Потом не стало никакого. Уже и не народ, и не общество — а сброд. И этот сброд торжествует. Особенно в виде разгулявшейся верхушки. Законом они не скованы — или искренне уверили себя: власть и есть закон.
Кстати: никогда ни одна партия не объявляла себя правящей. Даже коммунистическая. Но равноправность партий может обеспечить только общество. А существование общества может обеспечить только закон.
…Так что так мы и живем в постимперском — и в постсоветском, обращаю внимание, — пространстве. Мы живем в постсоветском пространстве. Очень разрушенном.

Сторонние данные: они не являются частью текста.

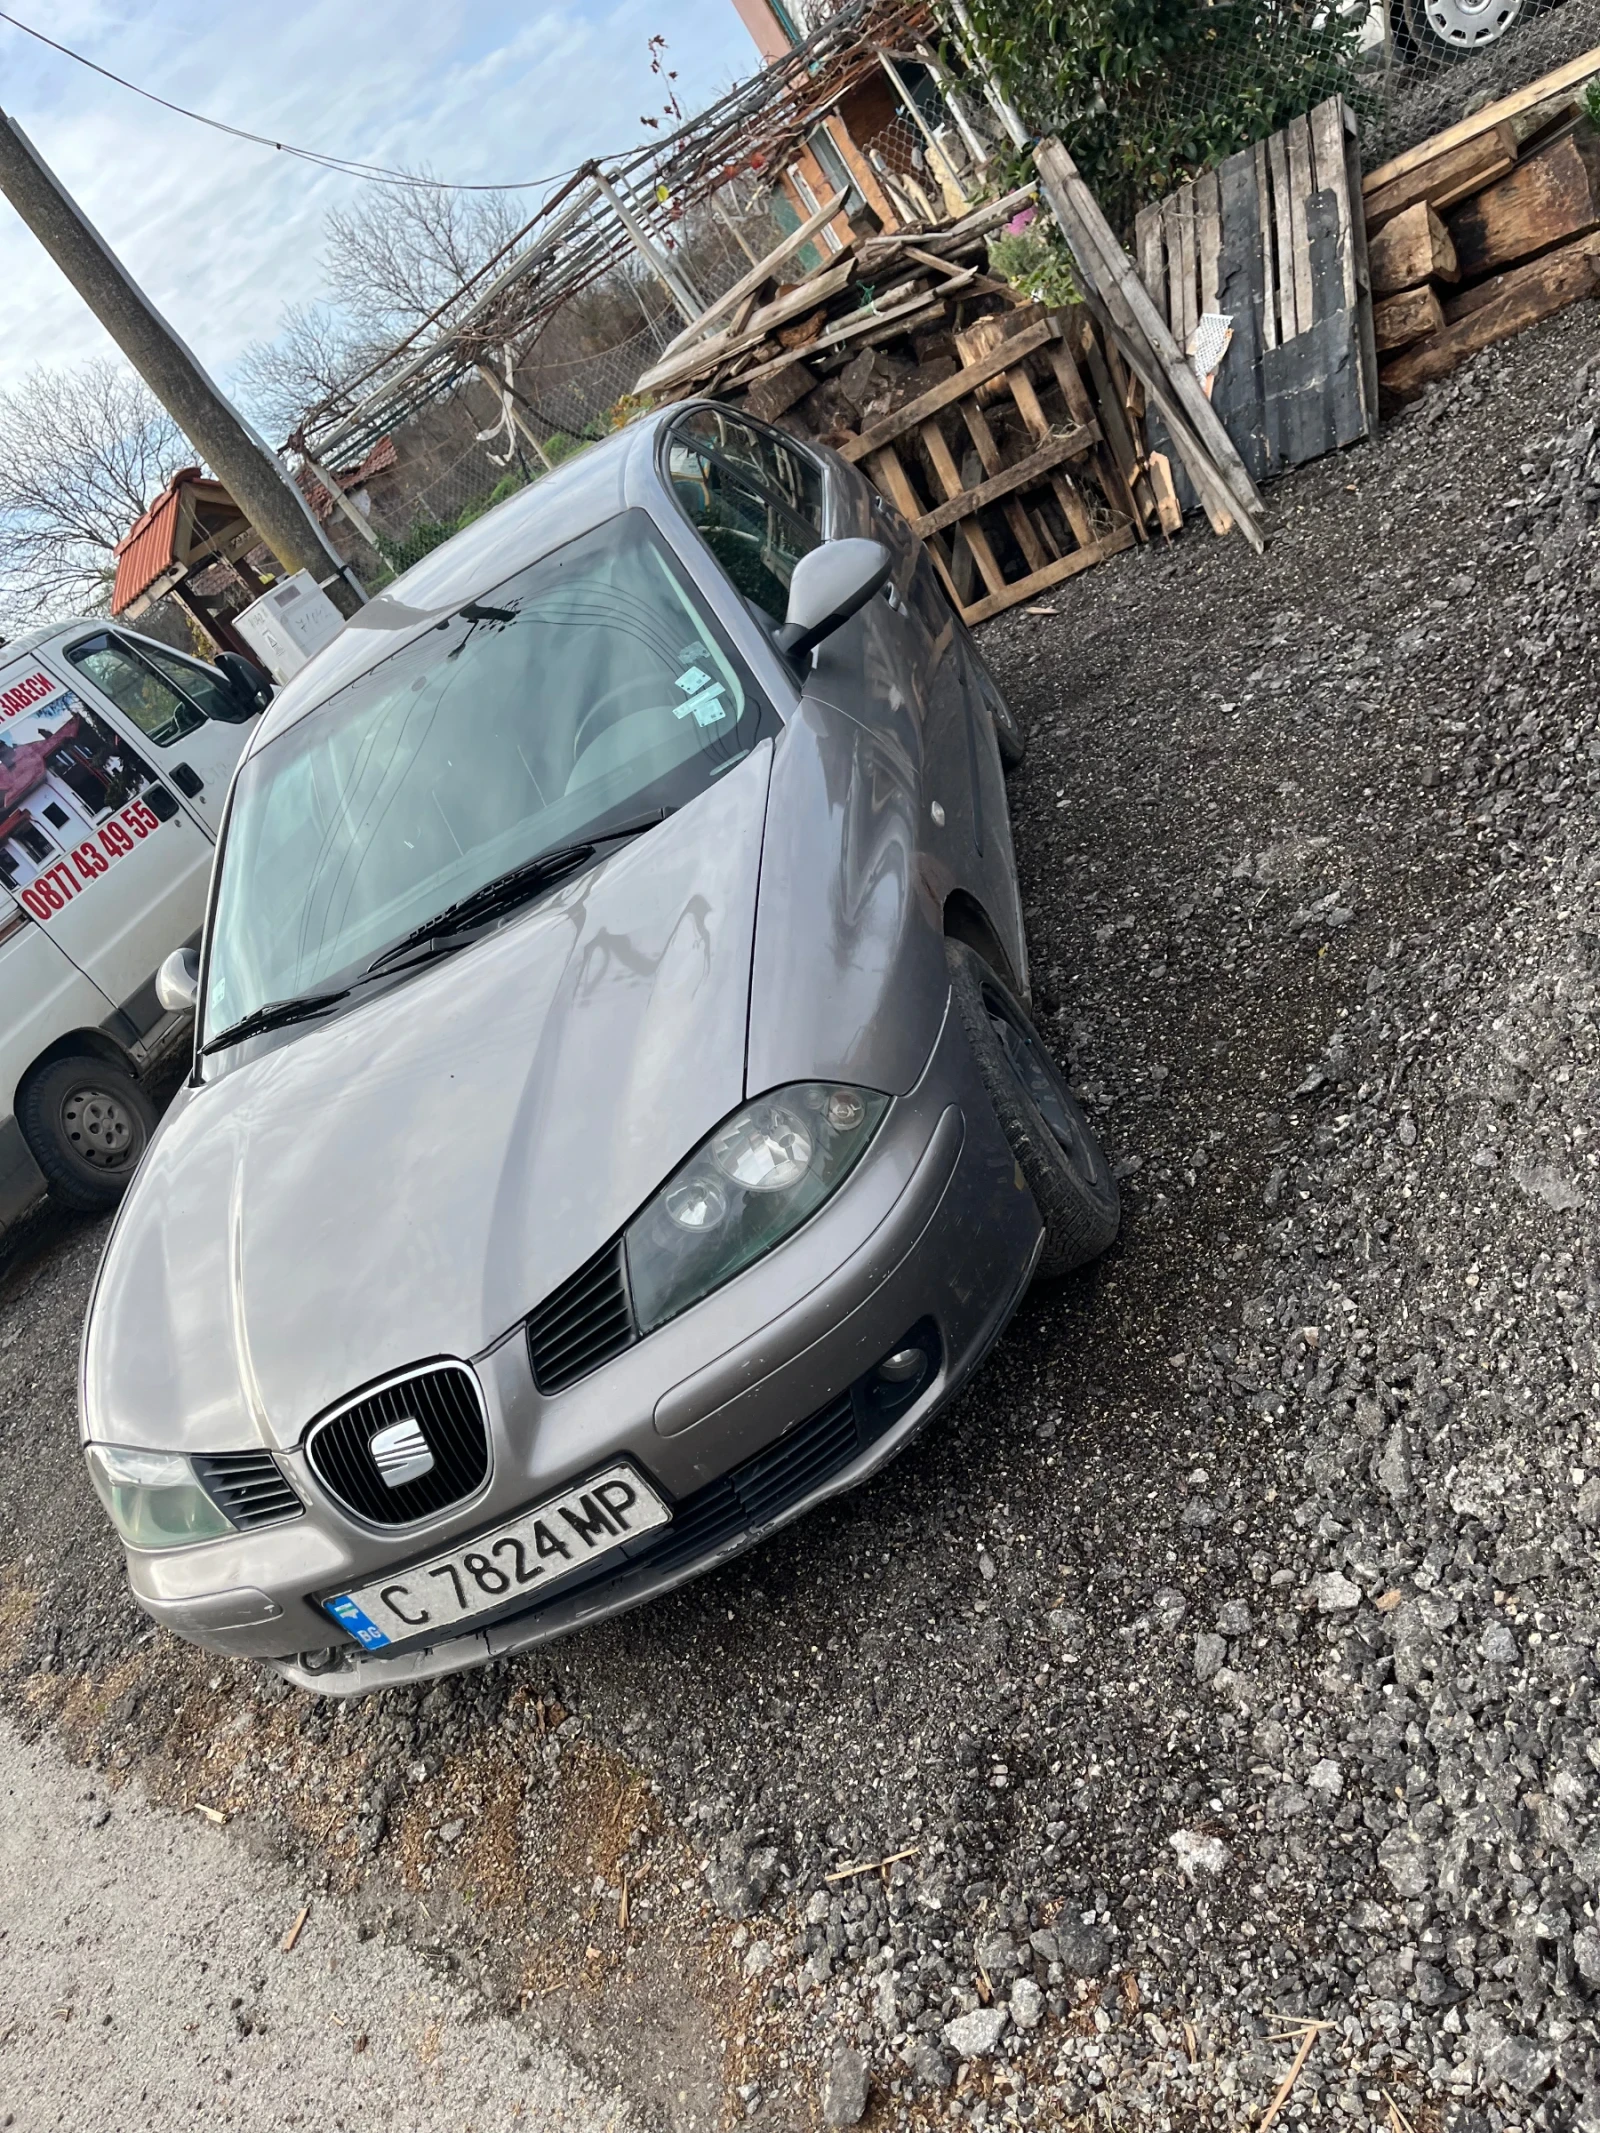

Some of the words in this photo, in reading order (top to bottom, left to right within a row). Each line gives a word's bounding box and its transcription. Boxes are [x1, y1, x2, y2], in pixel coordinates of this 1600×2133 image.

[21, 862, 82, 920] 0877
[71, 842, 109, 880] 43
[98, 821, 134, 857] 49
[120, 800, 159, 839] 55
[380, 1585, 429, 1625] C
[428, 1519, 572, 1609] 7824
[557, 1480, 637, 1548] MP
[357, 1626, 382, 1643] BG

Но Империя — это долго подыхающий зверь. Потому что это огромный зверь. Страна остается огромной. И никуда не деться: это историческое предназначение наше — быть огромными. Мы его еще ни разу не поняли. И ни разу не оправдали.
Сейчас в этом пространстве остались живы два субъекта. Первый — разбредшийся народ советский, тоскующий от неравенства. А второй — русский язык.

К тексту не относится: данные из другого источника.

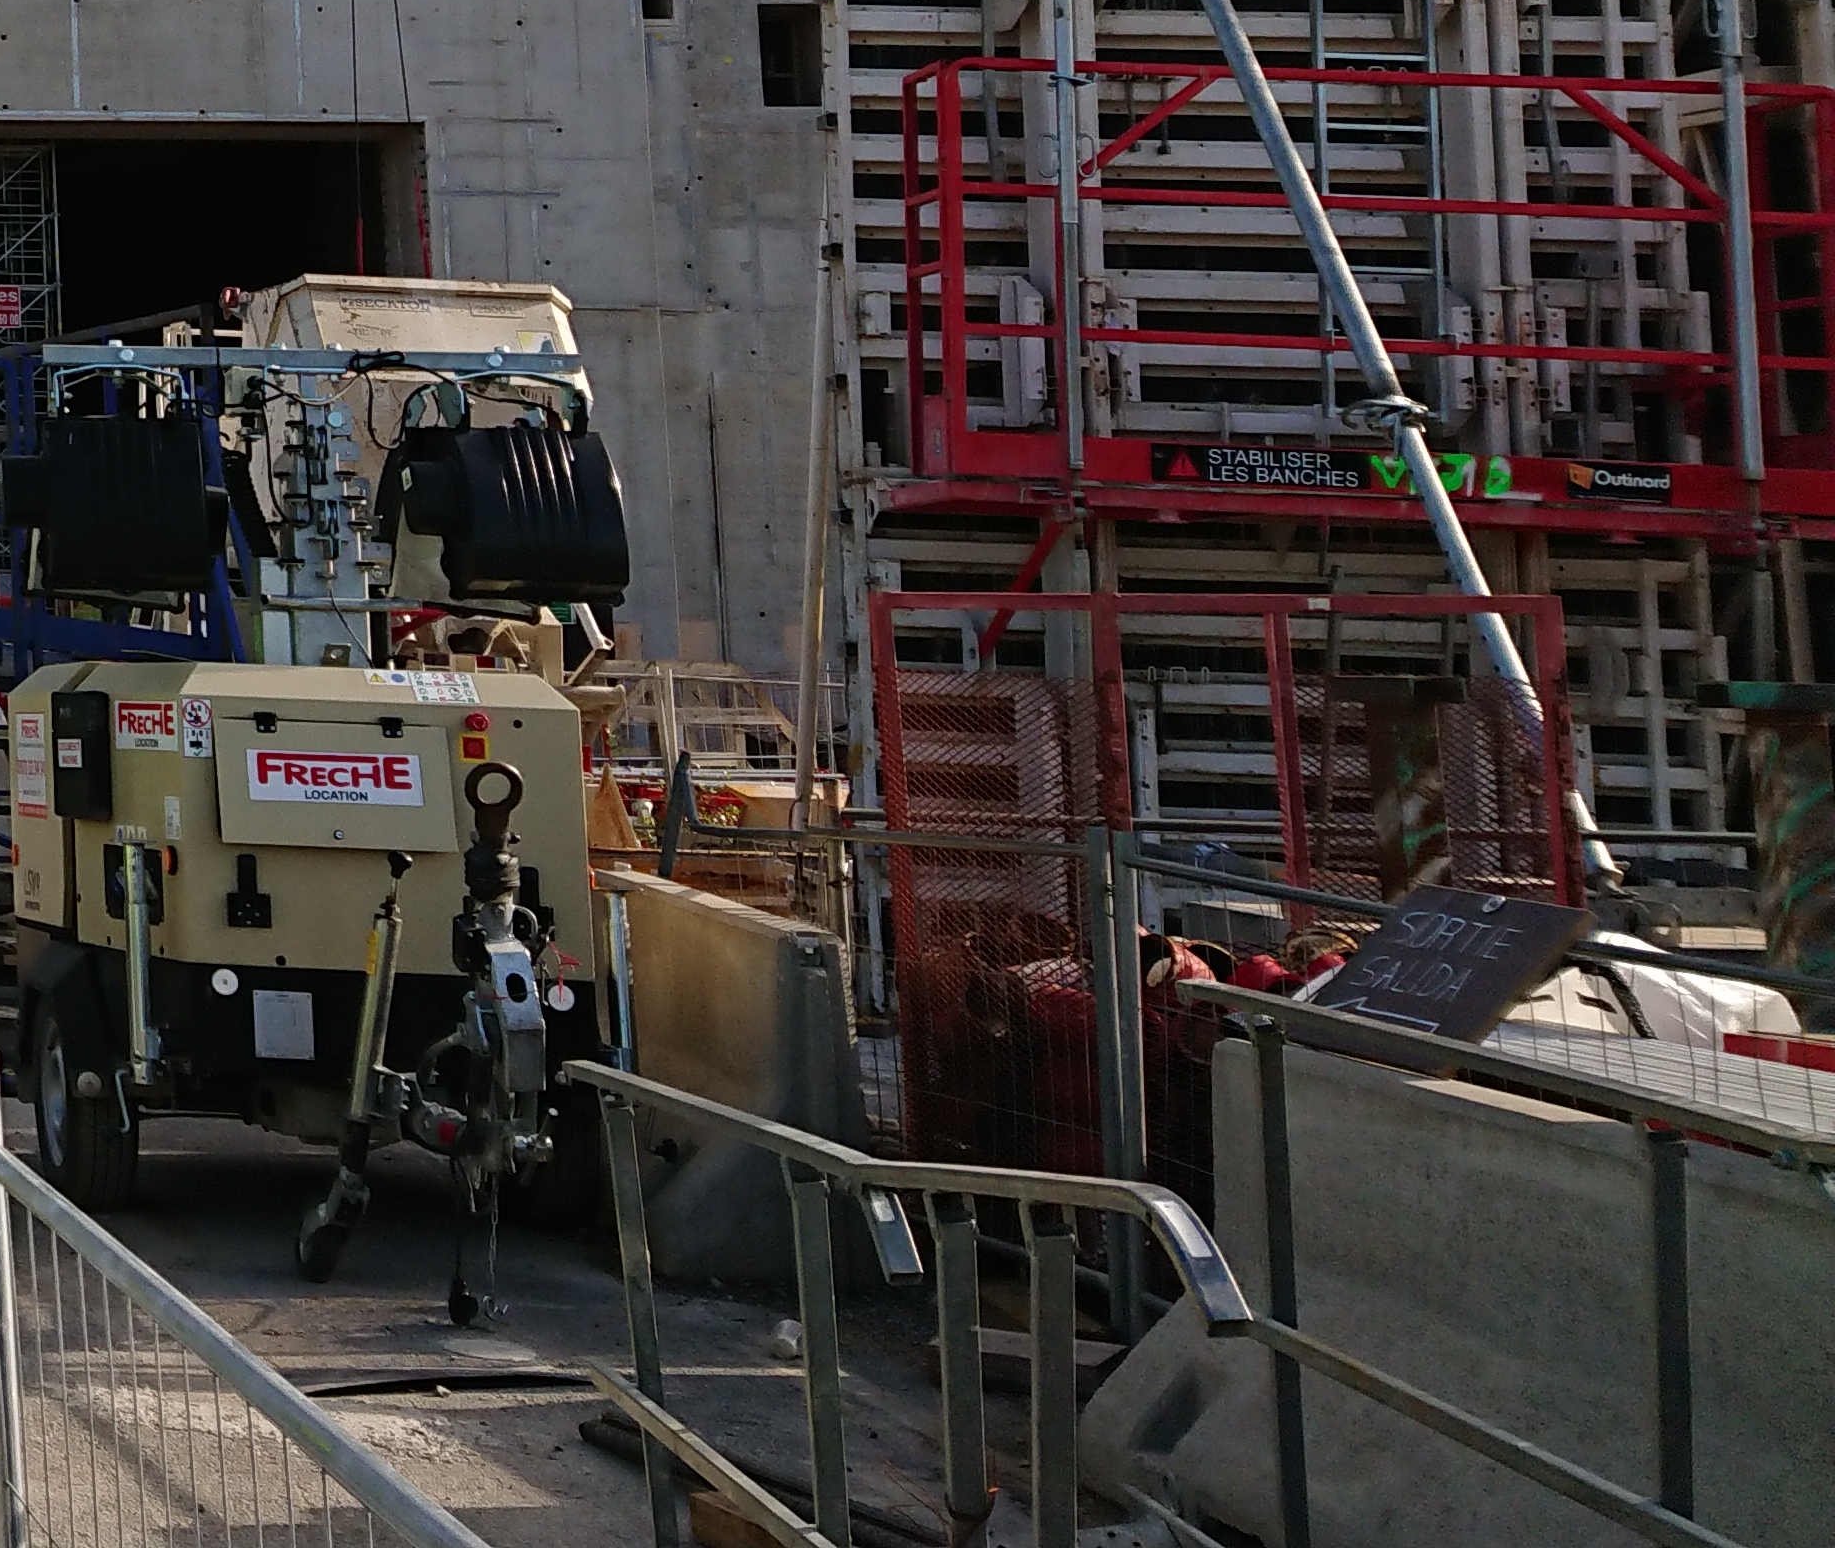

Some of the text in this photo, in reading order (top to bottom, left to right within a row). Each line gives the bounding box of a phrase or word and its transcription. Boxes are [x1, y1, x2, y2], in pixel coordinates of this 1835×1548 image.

[1208, 448, 1331, 469] STABILISER
[1209, 466, 1249, 482] LES
[1256, 468, 1359, 488] BANCHES
[1594, 469, 1670, 489] Outinord
[119, 703, 175, 735] FRECHE
[257, 753, 413, 789] FRECHE
[304, 790, 368, 802] LOCATION
[1394, 911, 1523, 960] SORTIE
[1349, 956, 1473, 1002] SALIDA

…Это время пахнет дурно? Да: как любое разлагающееся живое. Потому что имперское пространство было живым! Оно было живым, было спаянным. Ведь империя — не очень простой организм. Империя — это большой мир после большой войны.
Сколько освободилось стран после Второй мировой войны! Образовался Третий мир, который тоже оказался одинок, — как наши бедные республики теперь. И никто не знает, что такое свобода. Расколовшаяся империя сама была кривым зеркалом, но осколки — еще кривее.
Что же все-таки их держит? Еще держит.
Я всегда считал, что советский режим существовал не на страхе. На нашей памяти Империя уже держалась на других вещах. Она существовала за счет общей водки. За счет русской бабы, которая была блондинка и пышна, — и победно дошла до всех рубежей.
И за счет русского языка. Для меня это неоспоримо.
…И вот я попал за десять дней в две структуры — одну мировую, где было восемьдесят ПЕН-центров со всего мира, — и другую, постсоветскую. «Киношок» в Анапе. И увидел работу русского языка, который продолжает жить.
А торопился я в Белград именно потому, что в третий раз вталдычивал мировому ПЕНу: русский язык должен стать четвертым рабочим языком кон-гресса. Технически это не требует особых усилий.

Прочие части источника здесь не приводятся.